(Dataset records)
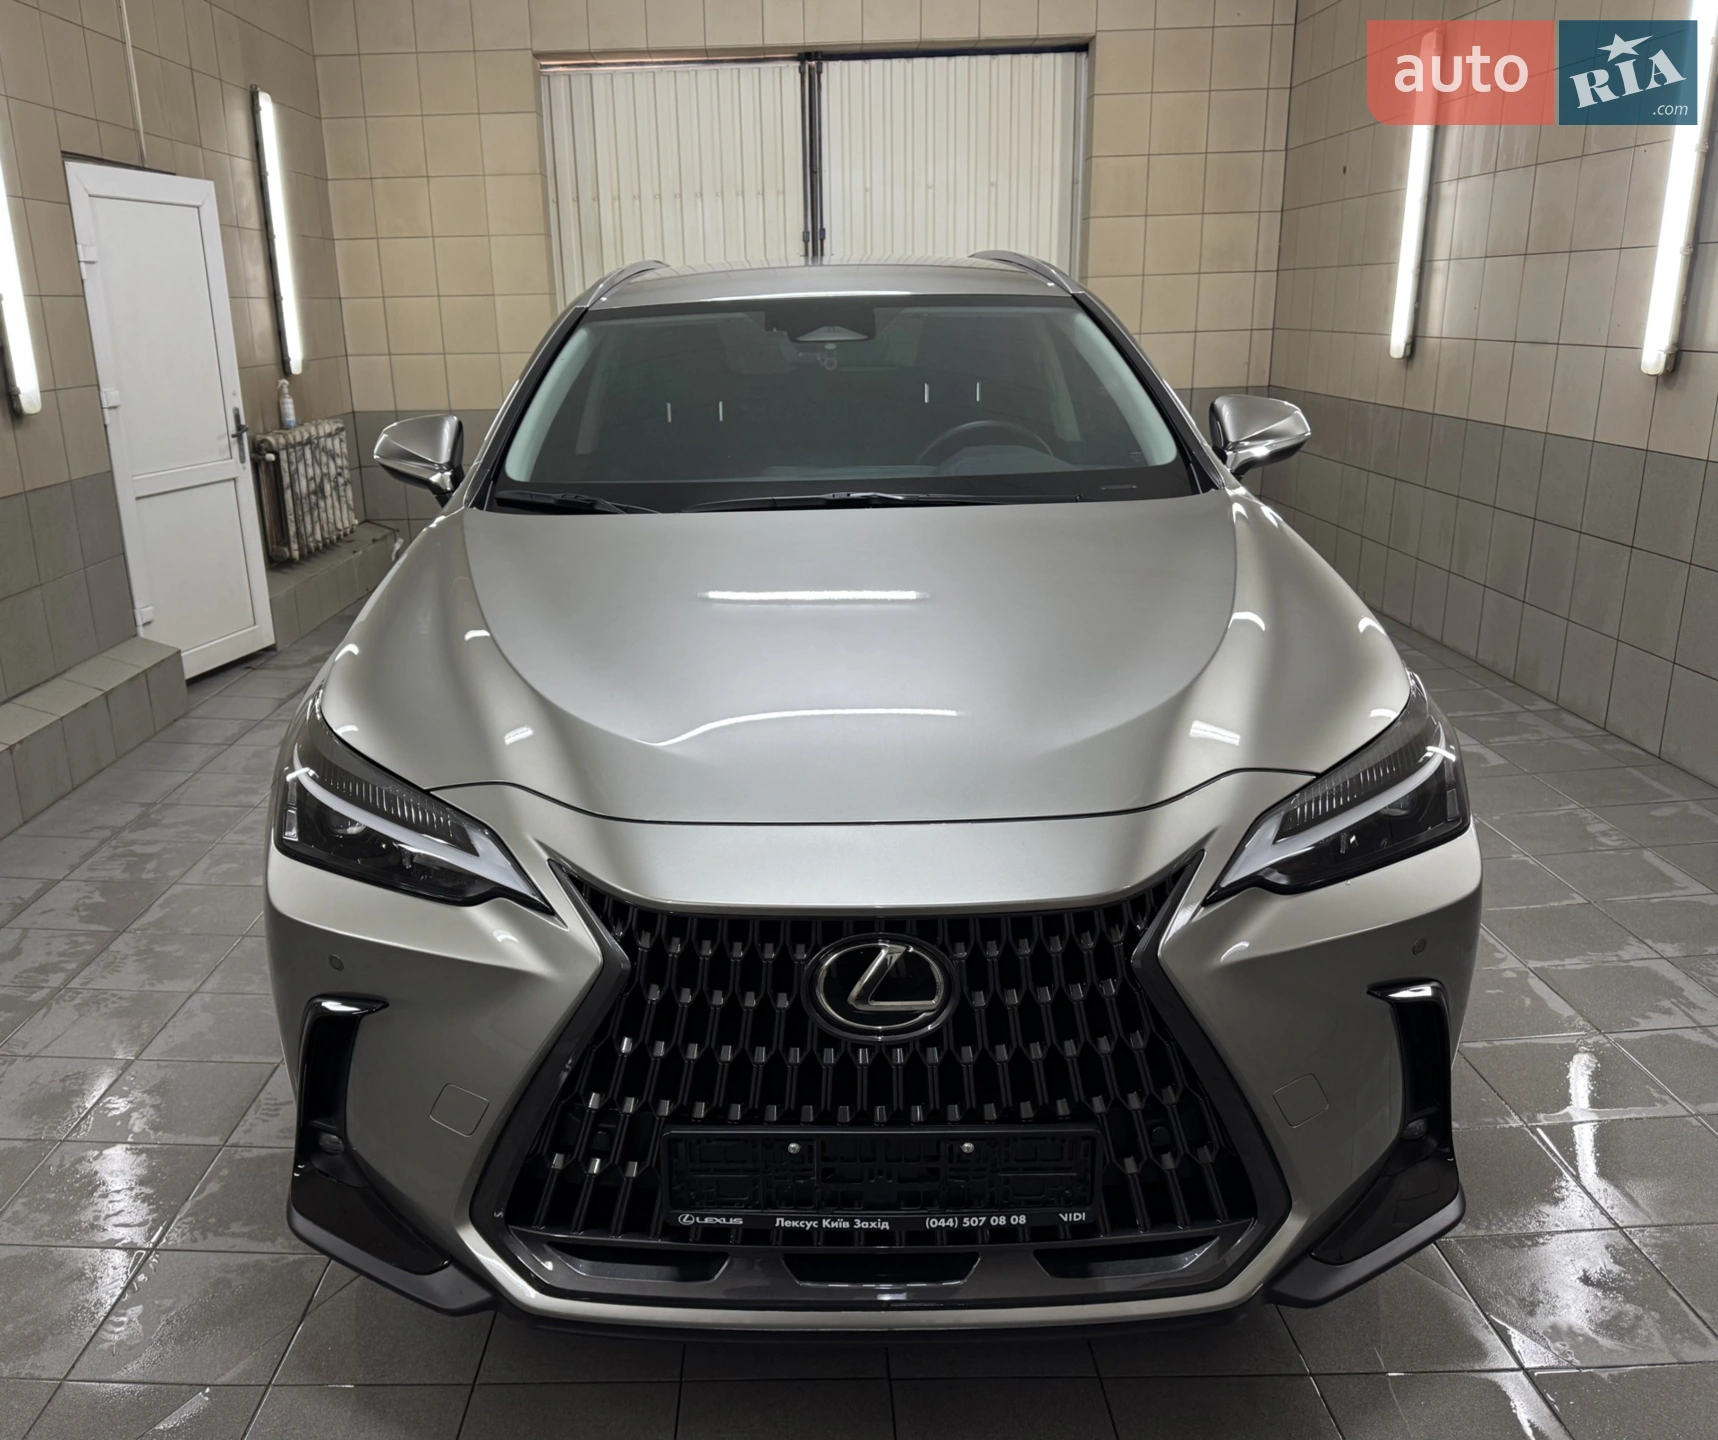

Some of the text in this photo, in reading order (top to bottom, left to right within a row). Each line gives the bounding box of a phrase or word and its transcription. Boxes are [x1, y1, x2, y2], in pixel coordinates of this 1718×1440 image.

[695, 1216, 744, 1226] LEXUS
[925, 1214, 1027, 1229] (044) 507 08 08
[1058, 1212, 1086, 1222] VIDI
[774, 1216, 890, 1231] Лексус Київ Захід
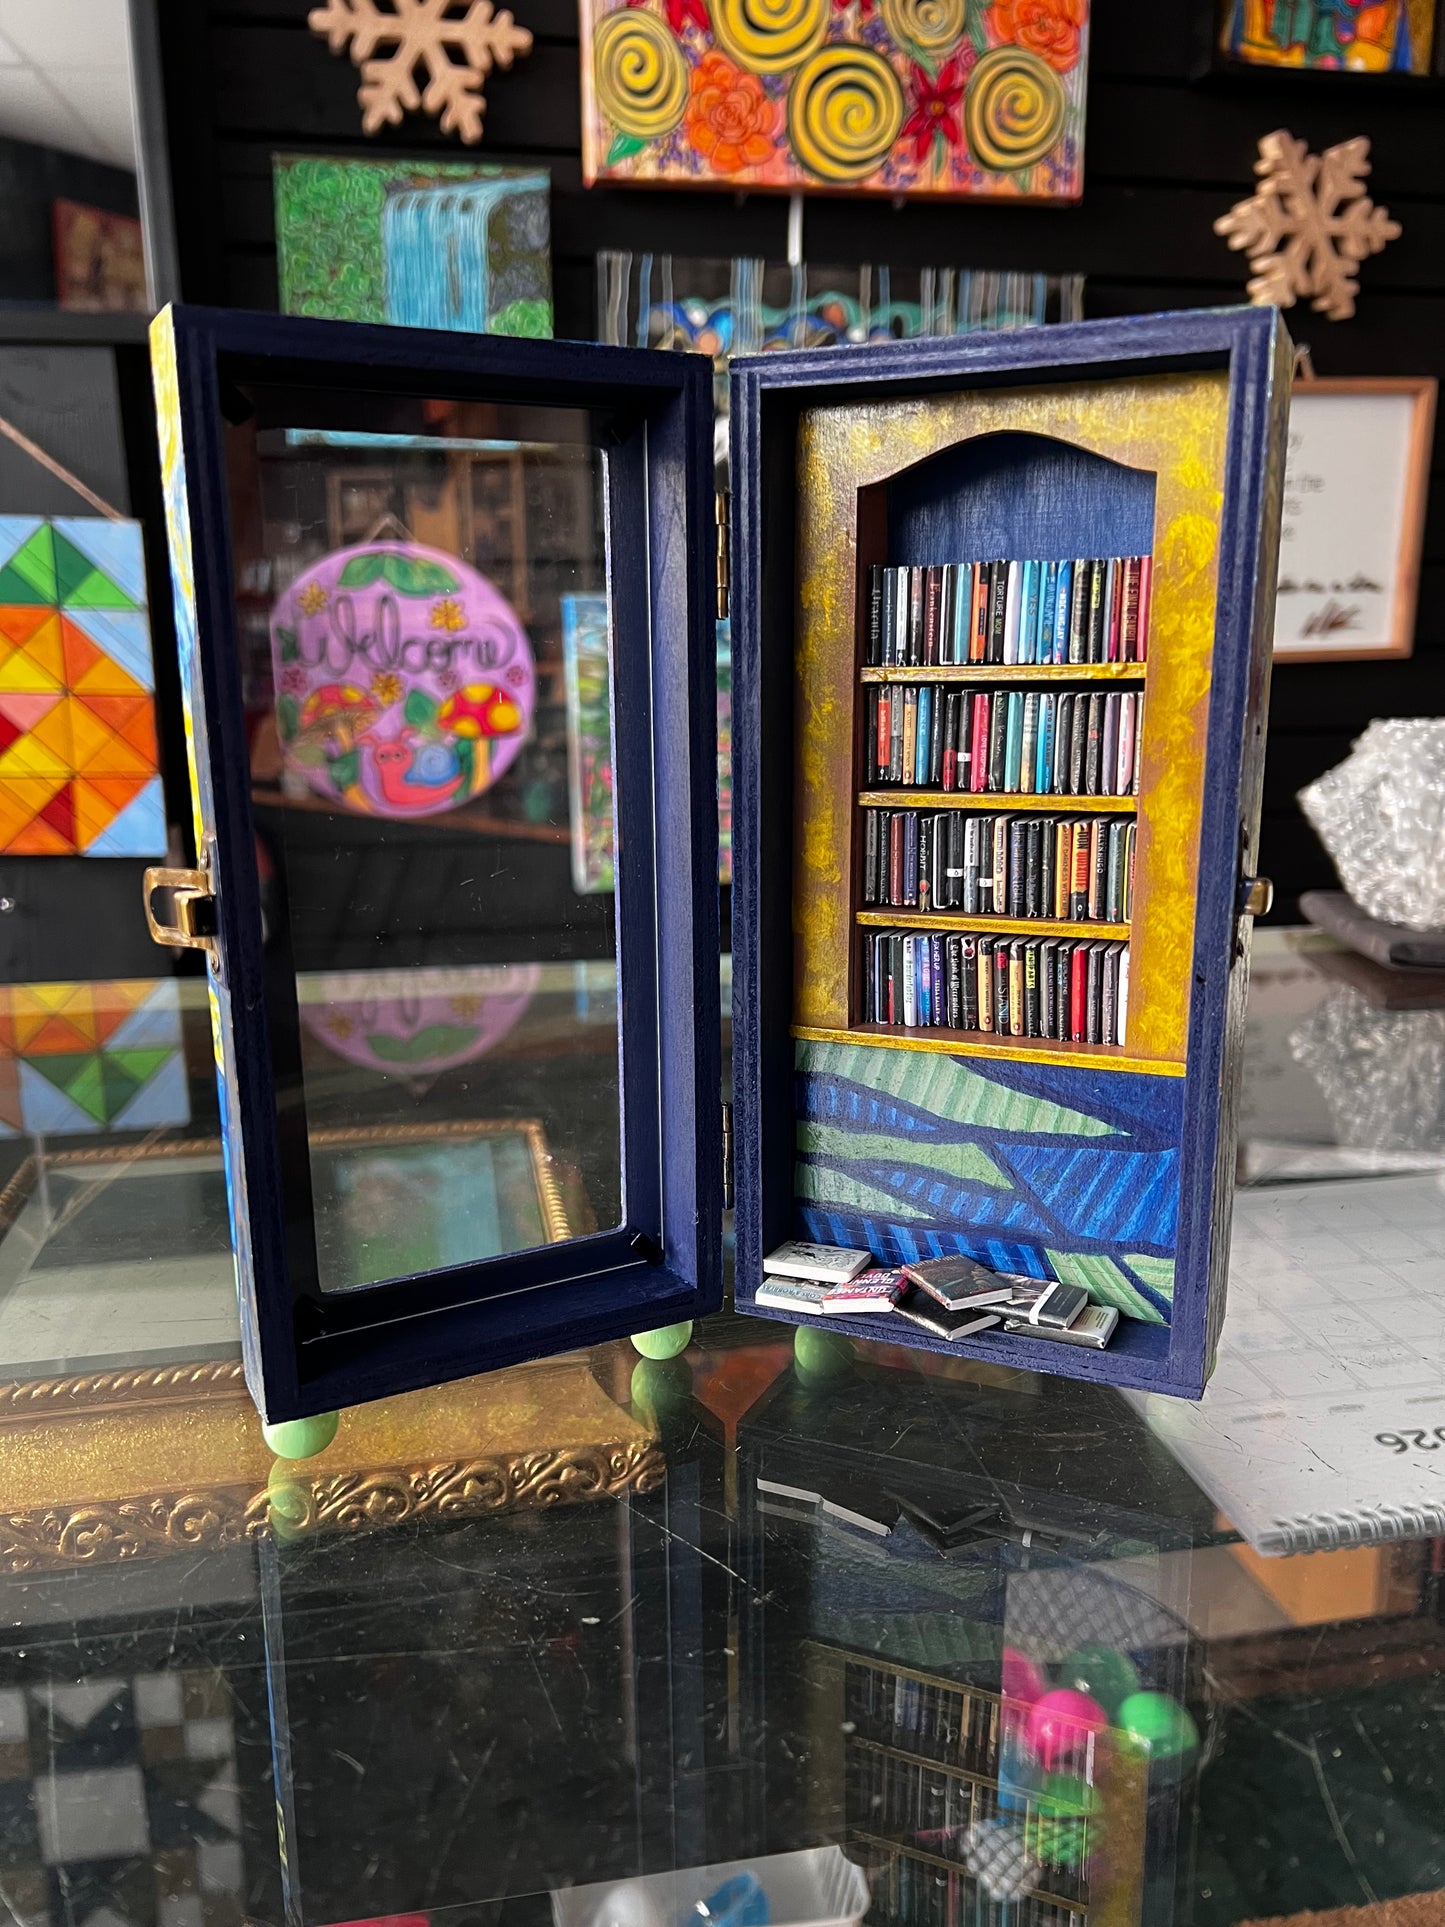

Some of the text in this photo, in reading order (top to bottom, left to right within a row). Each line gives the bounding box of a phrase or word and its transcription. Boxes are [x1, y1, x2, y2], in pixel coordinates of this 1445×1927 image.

[871, 589, 881, 640] Dracula
[928, 582, 941, 647] Frankenstein
[994, 580, 1005, 635] TORTURE MOM
[1029, 593, 1038, 617] YES
[1057, 592, 1067, 640] MOCKINGJAY
[296, 594, 519, 677] Welcome
[919, 835, 927, 871] HOBBIT
[1076, 831, 1089, 888] DON QUIXOTE
[1096, 824, 1106, 874] EVELYN HUGO
[998, 986, 1009, 1024] STAND
[827, 1284, 888, 1296] UNTAMED
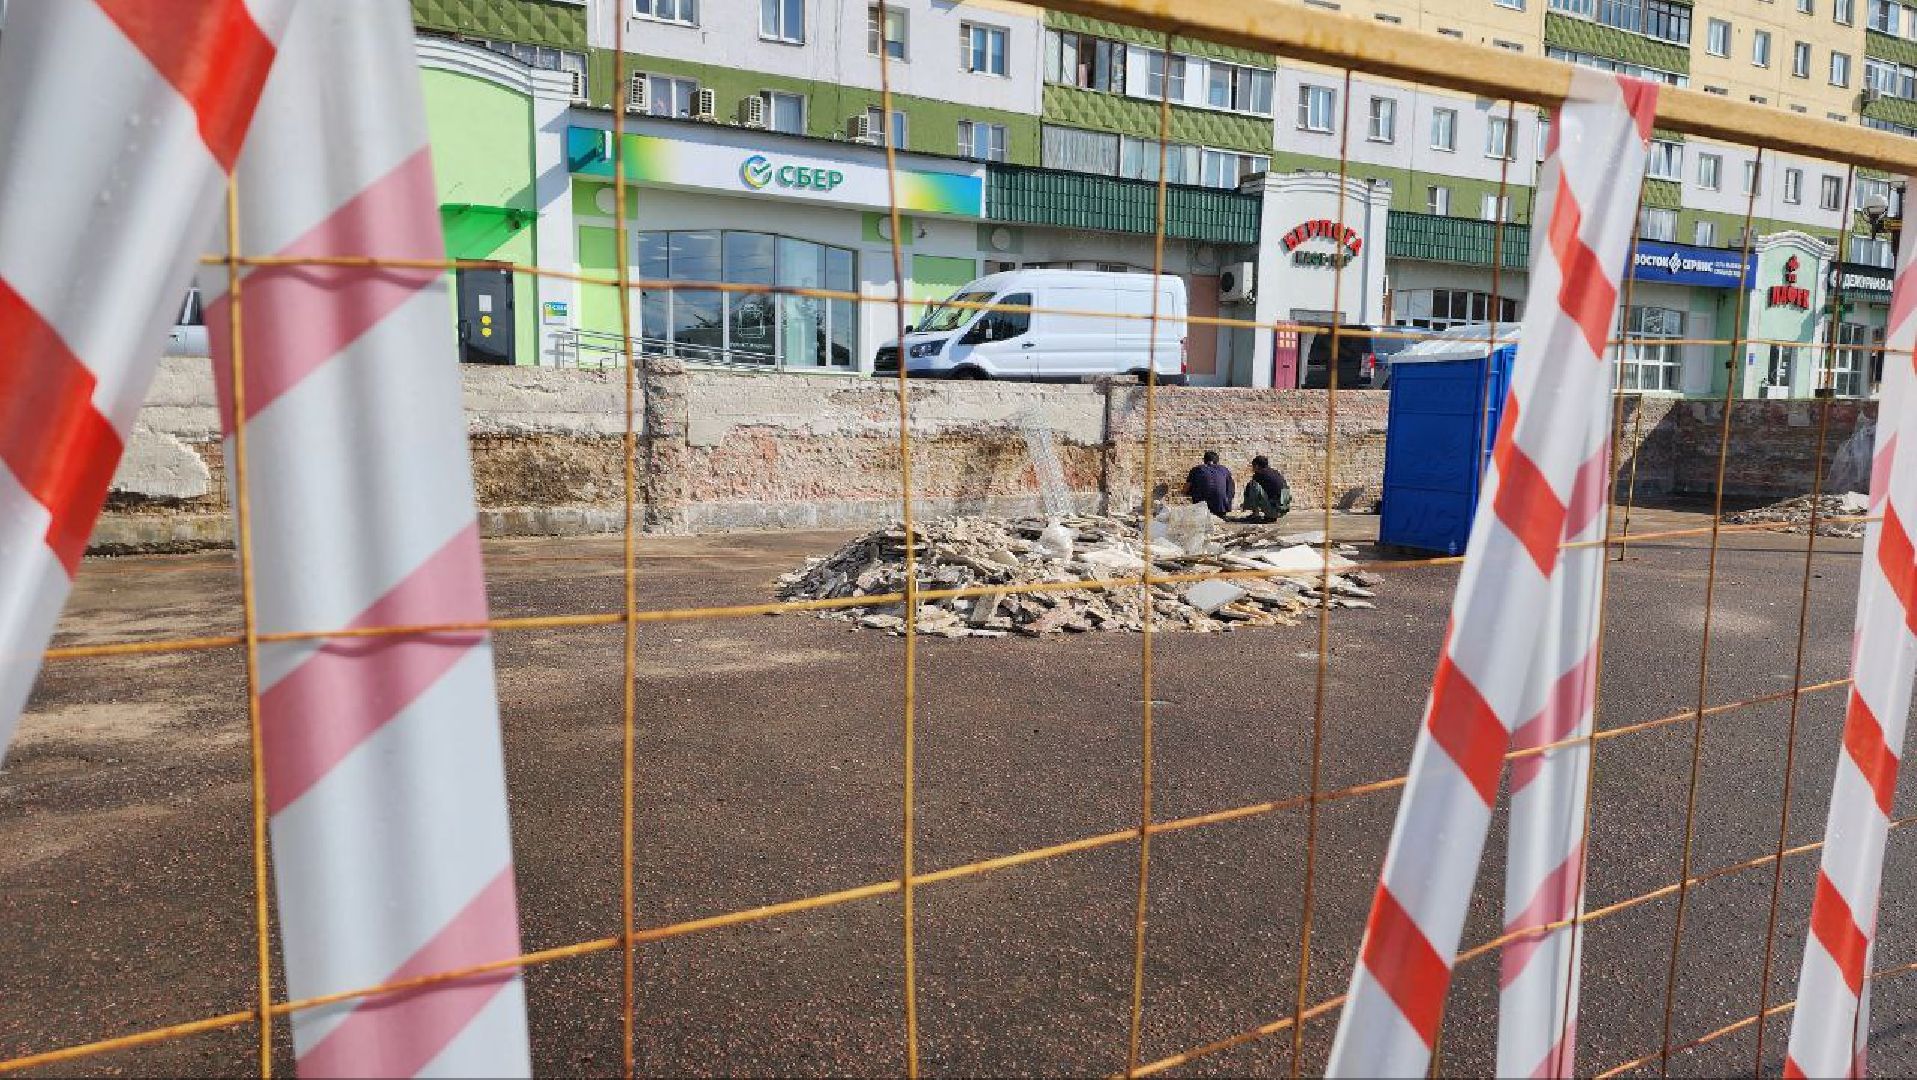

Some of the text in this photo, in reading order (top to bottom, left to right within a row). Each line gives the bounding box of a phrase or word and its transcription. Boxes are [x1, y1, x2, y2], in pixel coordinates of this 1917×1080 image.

[777, 164, 844, 190] СБЕР
[1635, 253, 1669, 267] ВОСТОК
[1682, 258, 1714, 272] СЕРВИС
[1842, 273, 1887, 290] ДЕЖУРНАЯ

◆ Exercise aim: Please write out every entry exactly, but skip the pictures.

◆ Finished exercise:
Some of the text in this photo, in reading order (top to bottom, left to right within a row). Each line gives the bounding box of a phrase or word and its transcription. Boxes are [x1, y1, x2, y2], in pixel coordinates of this 1718×1440 image.

[695, 1216, 744, 1226] LEXUS
[925, 1214, 1027, 1229] (044) 507 08 08
[1058, 1212, 1086, 1222] VIDI
[774, 1216, 890, 1231] Лексус Київ Захід

Some of the text in this photo, in reading order (top to bottom, left to right within a row). Each line gives the bounding box of a phrase or word and its transcription. Boxes are [x1, y1, x2, y2], in pixel coordinates of this 1445×1927 image.

[871, 589, 881, 640] Dracula
[928, 582, 941, 647] Frankenstein
[994, 580, 1005, 635] TORTURE MOM
[1029, 593, 1038, 617] YES
[1057, 592, 1067, 640] MOCKINGJAY
[296, 594, 519, 677] Welcome
[919, 835, 927, 871] HOBBIT
[1076, 831, 1089, 888] DON QUIXOTE
[1096, 824, 1106, 874] EVELYN HUGO
[998, 986, 1009, 1024] STAND
[827, 1284, 888, 1296] UNTAMED

Some of the text in this photo, in reading order (top to bottom, left to right within a row). Each line gives the bounding box of a phrase or word and its transcription. Boxes are [x1, y1, x2, y2], in pixel coordinates of this 1917×1080 image.

[777, 164, 844, 190] СБЕР
[1635, 253, 1669, 267] ВОСТОК
[1682, 258, 1714, 272] СЕРВИС
[1842, 273, 1887, 290] ДЕЖУРНАЯ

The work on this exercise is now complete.